### Work task
Once you reach the line containing "this 1500×1000 image.", reproduce it and every later line exactly, through the end of the data.

[Items listed in a dataset]
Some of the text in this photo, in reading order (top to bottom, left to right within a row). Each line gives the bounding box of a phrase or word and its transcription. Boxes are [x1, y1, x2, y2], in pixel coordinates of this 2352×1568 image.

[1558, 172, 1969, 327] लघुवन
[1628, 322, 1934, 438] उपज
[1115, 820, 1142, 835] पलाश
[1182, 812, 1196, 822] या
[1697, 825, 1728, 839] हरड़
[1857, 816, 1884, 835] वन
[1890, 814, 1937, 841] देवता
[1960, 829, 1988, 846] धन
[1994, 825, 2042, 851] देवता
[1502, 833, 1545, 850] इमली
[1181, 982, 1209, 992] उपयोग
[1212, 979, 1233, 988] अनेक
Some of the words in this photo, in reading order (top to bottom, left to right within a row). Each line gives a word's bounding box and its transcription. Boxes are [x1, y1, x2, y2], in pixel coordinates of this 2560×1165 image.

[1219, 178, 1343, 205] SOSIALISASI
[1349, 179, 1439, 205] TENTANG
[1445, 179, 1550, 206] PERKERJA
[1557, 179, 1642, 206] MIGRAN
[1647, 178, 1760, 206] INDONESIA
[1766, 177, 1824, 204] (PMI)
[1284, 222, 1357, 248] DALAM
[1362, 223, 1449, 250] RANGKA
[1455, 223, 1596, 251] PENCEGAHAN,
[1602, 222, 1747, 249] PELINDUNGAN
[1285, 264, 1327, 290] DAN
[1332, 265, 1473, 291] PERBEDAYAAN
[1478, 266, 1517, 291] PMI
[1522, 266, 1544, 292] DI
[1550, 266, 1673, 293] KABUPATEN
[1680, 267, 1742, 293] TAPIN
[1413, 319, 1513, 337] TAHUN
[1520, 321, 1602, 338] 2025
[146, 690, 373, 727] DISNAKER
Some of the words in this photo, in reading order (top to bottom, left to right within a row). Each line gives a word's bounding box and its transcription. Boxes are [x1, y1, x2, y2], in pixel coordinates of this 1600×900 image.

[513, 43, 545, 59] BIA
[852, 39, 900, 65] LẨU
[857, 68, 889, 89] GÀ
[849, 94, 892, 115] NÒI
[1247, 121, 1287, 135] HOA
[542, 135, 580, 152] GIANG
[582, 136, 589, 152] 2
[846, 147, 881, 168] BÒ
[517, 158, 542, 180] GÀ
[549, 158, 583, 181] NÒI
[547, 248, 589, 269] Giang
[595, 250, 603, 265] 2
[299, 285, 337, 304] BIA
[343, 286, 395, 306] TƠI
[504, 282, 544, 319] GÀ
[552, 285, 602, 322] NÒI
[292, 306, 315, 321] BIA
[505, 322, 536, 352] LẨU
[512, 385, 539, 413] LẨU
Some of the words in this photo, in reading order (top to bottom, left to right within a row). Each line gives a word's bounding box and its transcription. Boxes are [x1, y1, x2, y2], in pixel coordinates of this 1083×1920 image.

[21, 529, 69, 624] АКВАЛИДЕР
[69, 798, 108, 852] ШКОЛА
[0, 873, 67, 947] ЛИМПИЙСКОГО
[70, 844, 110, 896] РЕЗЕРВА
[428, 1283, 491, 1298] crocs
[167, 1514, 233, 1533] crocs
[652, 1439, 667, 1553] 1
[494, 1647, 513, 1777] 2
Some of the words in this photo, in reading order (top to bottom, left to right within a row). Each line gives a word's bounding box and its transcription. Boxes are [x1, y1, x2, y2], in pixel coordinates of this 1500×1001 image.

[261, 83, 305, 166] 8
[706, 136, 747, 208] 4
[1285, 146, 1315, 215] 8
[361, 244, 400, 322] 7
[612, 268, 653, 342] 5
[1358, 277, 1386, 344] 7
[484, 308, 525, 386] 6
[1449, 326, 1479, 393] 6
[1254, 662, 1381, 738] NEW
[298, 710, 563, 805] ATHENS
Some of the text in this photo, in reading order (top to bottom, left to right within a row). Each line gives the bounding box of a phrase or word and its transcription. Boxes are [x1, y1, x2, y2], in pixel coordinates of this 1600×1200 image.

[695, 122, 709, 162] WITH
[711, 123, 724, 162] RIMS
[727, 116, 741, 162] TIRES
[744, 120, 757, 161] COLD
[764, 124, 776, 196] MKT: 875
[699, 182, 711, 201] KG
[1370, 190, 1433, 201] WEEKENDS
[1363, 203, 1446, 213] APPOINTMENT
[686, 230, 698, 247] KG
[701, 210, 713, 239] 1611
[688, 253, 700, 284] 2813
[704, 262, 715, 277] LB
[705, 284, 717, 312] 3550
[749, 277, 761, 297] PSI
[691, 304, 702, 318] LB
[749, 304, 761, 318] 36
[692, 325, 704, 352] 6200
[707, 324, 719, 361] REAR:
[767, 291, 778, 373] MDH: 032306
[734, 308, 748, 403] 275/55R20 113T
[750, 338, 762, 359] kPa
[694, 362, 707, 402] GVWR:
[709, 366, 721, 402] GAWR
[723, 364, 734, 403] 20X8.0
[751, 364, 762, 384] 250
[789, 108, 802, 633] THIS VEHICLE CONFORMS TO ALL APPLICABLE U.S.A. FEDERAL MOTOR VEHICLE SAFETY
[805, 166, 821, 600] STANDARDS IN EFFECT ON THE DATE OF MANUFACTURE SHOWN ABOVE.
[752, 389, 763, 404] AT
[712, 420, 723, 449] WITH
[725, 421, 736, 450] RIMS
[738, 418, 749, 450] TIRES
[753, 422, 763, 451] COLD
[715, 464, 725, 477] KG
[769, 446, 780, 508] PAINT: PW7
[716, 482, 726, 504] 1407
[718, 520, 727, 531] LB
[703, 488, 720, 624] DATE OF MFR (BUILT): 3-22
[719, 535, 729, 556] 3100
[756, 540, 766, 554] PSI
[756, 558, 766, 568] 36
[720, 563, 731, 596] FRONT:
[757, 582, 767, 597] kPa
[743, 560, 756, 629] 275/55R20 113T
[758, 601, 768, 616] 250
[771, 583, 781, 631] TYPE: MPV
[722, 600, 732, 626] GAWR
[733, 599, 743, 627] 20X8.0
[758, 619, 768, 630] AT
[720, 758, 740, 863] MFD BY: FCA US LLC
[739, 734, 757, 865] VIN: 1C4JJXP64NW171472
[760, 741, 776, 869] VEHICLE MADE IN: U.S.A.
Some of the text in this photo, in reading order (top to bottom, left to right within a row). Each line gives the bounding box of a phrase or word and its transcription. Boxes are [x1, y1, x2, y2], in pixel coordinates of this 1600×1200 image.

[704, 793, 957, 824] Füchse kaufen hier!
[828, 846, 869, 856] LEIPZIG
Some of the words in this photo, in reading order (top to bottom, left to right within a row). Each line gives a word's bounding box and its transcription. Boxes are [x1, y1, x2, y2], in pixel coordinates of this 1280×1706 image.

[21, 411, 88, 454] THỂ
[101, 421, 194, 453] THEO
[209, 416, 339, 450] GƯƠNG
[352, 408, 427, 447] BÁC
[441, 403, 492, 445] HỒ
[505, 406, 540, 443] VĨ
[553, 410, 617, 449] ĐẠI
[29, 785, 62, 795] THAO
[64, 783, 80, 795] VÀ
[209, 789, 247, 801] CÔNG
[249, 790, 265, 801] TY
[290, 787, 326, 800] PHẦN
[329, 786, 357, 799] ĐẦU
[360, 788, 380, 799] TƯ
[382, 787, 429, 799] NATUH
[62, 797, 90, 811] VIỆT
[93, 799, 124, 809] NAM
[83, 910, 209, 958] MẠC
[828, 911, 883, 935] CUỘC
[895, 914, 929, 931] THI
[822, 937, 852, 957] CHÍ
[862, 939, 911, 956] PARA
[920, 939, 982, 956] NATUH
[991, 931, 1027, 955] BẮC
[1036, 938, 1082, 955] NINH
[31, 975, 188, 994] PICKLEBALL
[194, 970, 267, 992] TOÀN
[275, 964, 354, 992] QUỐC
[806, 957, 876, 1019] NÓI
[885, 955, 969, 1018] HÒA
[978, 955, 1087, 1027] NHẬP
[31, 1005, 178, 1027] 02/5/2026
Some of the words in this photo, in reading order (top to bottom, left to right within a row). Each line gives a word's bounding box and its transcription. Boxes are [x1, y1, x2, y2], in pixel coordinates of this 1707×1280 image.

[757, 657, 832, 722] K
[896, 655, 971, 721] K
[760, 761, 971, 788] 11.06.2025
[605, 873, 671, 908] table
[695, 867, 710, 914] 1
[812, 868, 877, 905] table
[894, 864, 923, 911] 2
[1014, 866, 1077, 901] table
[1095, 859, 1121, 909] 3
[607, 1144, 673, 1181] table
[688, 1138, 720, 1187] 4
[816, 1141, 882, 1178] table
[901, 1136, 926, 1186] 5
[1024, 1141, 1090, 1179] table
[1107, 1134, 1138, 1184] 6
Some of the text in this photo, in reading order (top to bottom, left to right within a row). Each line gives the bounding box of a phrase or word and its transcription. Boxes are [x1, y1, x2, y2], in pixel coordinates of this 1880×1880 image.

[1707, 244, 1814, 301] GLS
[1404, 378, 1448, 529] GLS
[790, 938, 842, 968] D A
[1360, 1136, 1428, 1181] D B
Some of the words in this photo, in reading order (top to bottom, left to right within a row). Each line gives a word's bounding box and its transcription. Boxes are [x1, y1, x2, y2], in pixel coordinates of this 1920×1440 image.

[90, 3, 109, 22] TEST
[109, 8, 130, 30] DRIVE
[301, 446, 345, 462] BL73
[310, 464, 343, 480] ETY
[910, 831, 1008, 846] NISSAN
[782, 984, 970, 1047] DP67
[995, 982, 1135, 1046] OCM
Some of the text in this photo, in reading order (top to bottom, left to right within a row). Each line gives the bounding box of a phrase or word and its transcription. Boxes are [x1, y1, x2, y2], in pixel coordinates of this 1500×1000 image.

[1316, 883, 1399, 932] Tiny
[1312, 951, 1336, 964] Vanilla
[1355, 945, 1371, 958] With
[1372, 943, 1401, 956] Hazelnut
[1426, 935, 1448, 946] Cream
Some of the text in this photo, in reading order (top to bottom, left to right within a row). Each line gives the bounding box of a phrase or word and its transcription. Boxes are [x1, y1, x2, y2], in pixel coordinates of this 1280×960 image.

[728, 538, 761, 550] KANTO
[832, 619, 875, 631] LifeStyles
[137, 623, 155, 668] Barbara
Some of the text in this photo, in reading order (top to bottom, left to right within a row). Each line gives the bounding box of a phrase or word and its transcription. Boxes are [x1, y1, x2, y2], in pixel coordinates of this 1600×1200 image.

### Solution for this exercise
Some of the text in this photo, in reading order (top to bottom, left to right within a row). Each line gives the bounding box of a phrase or word and its transcription. Boxes are [x1, y1, x2, y2], in pixel coordinates of this 1500×1000 image.

[1316, 883, 1399, 932] Tiny
[1312, 951, 1336, 964] Vanilla
[1355, 945, 1371, 958] With
[1372, 943, 1401, 956] Hazelnut
[1426, 935, 1448, 946] Cream
Some of the text in this photo, in reading order (top to bottom, left to right within a row). Each line gives the bounding box of a phrase or word and its transcription. Boxes are [x1, y1, x2, y2], in pixel coordinates of this 1280×960 image.

[728, 538, 761, 550] KANTO
[832, 619, 875, 631] LifeStyles
[137, 623, 155, 668] Barbara
Some of the text in this photo, in reading order (top to bottom, left to right within a row). Each line gives the bounding box of a phrase or word and its transcription. Boxes are [x1, y1, x2, y2], in pixel coordinates of this 1600×1200 image.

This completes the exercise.